What is needed: Your task is to transcribe each record exactly and to omit every image.
___ Data provided
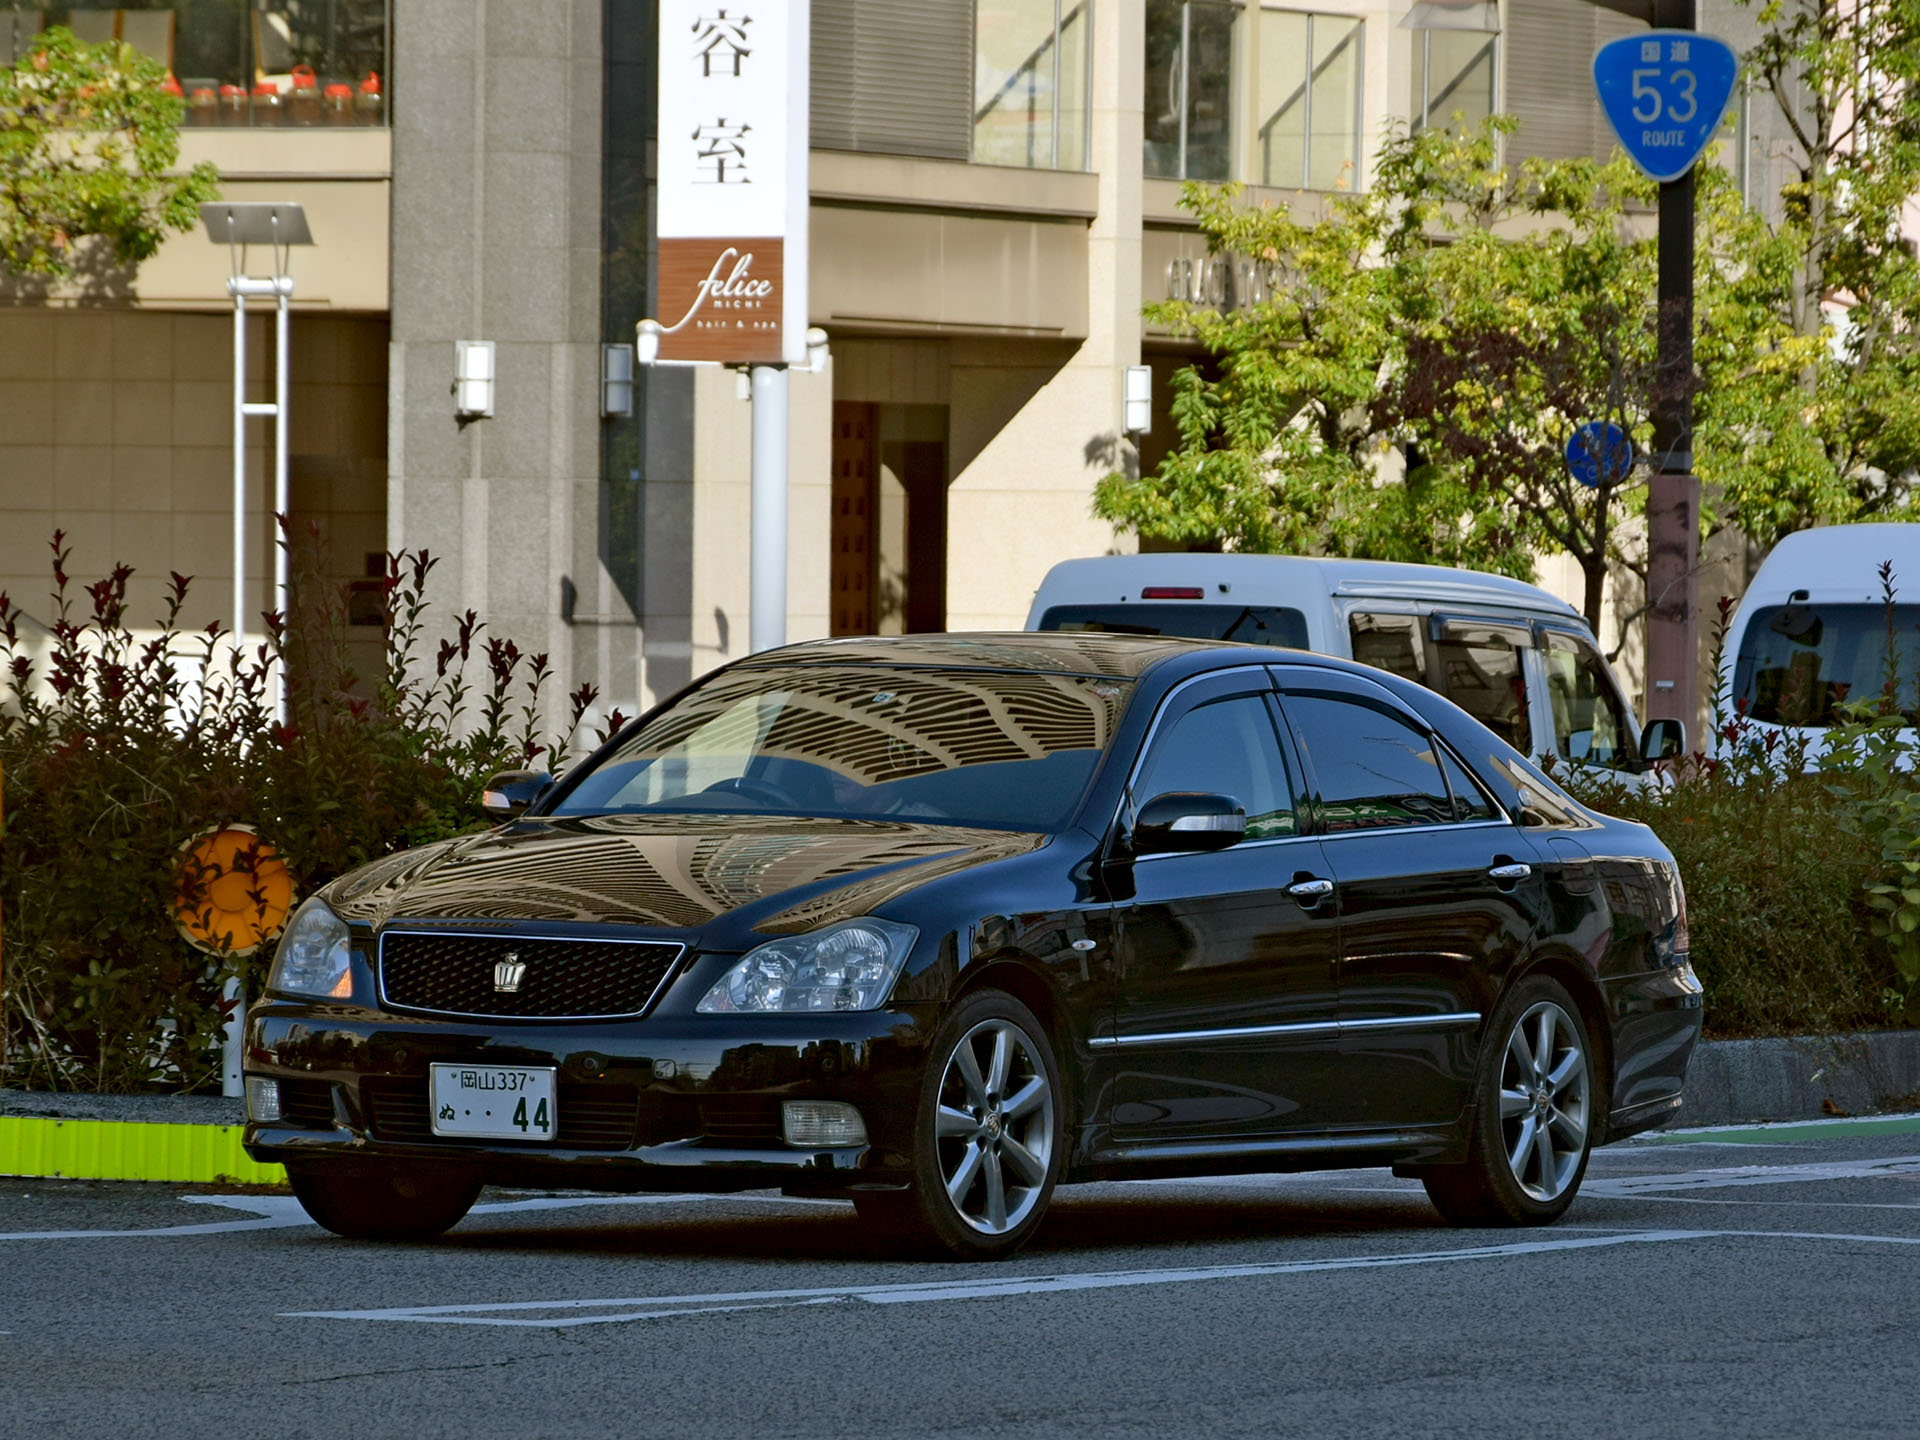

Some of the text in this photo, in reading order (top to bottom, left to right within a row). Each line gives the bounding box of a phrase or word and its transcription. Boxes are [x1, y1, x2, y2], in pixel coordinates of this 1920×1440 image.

[1641, 41, 1690, 62] 国道
[1632, 68, 1698, 123] 53
[1642, 130, 1685, 147] ROUTE
[664, 247, 773, 332] felice
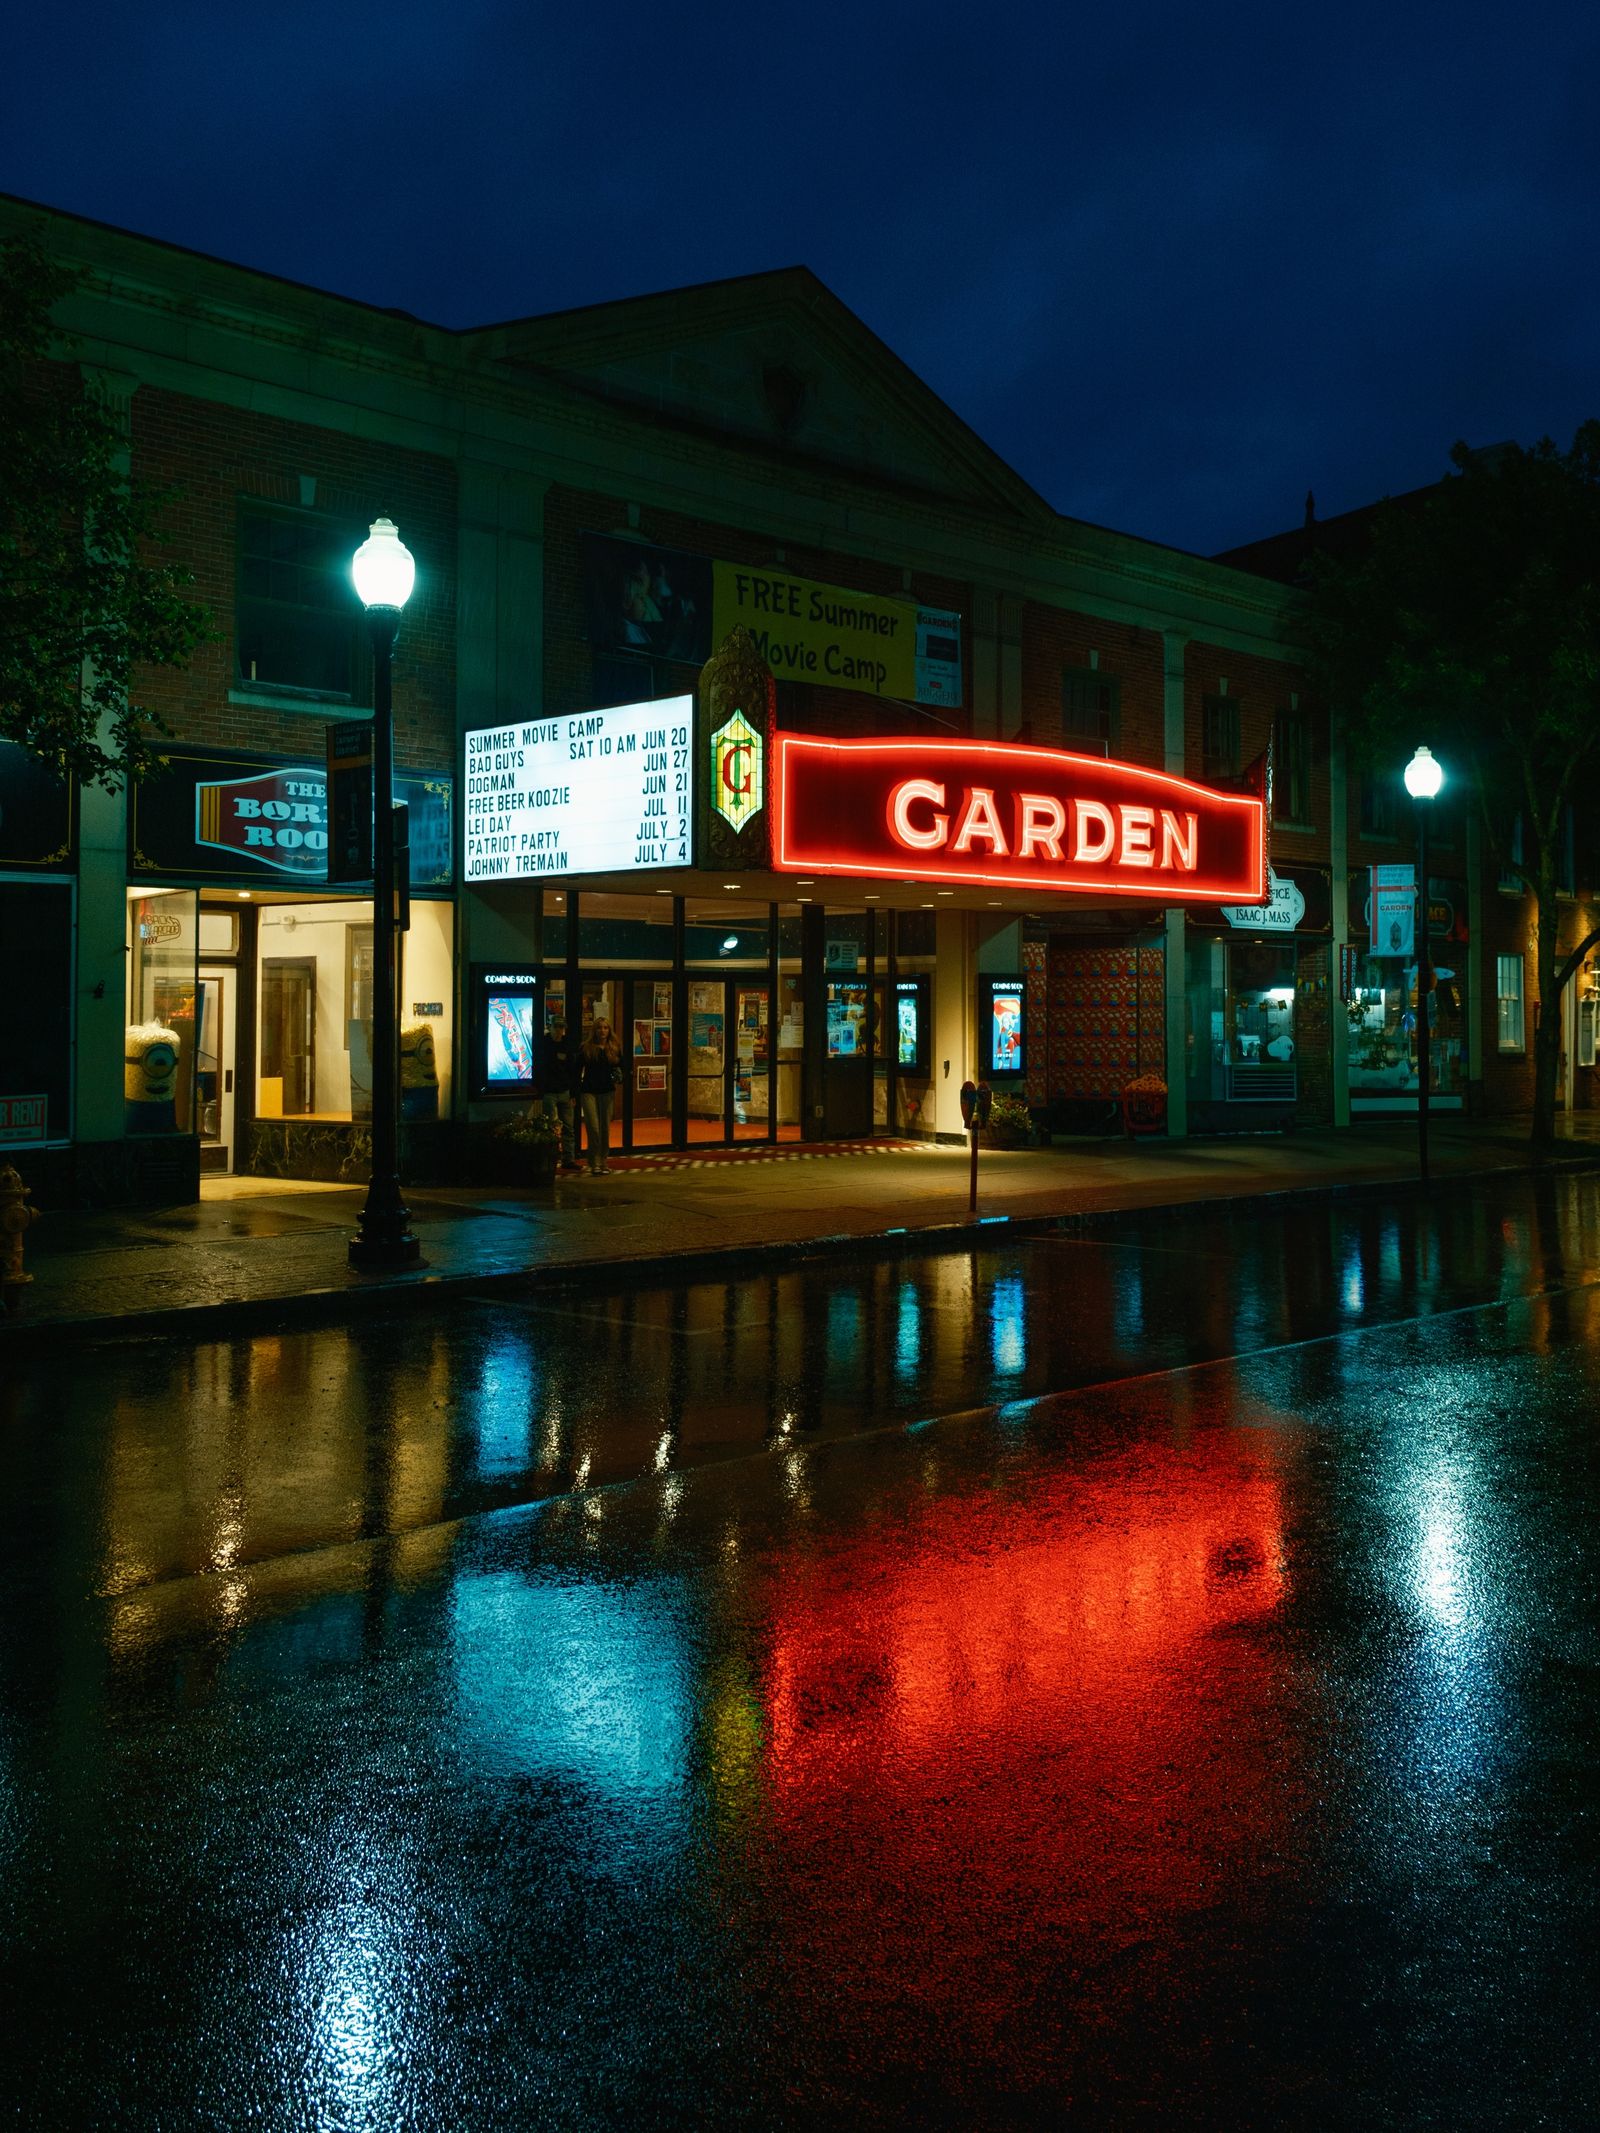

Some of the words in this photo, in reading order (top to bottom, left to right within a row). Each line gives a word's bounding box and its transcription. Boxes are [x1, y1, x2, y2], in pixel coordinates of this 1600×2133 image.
______
Solution:
Some of the text in this photo, in reading order (top to bottom, left to right within a row). Each line gives the bounding box of a phrase or word and its transcription. Boxes are [x1, y1, x2, y2], in pixel coordinates of this 1920×1440 image.

[1641, 41, 1690, 62] 国道
[1632, 68, 1698, 123] 53
[1642, 130, 1685, 147] ROUTE
[664, 247, 773, 332] felice

Some of the words in this photo, in reading order (top to bottom, left to right within a row). Each line gives a word's bounding box and its transcription. Boxes are [x1, y1, x2, y2], in pixel coordinates of this 1600×2133 image.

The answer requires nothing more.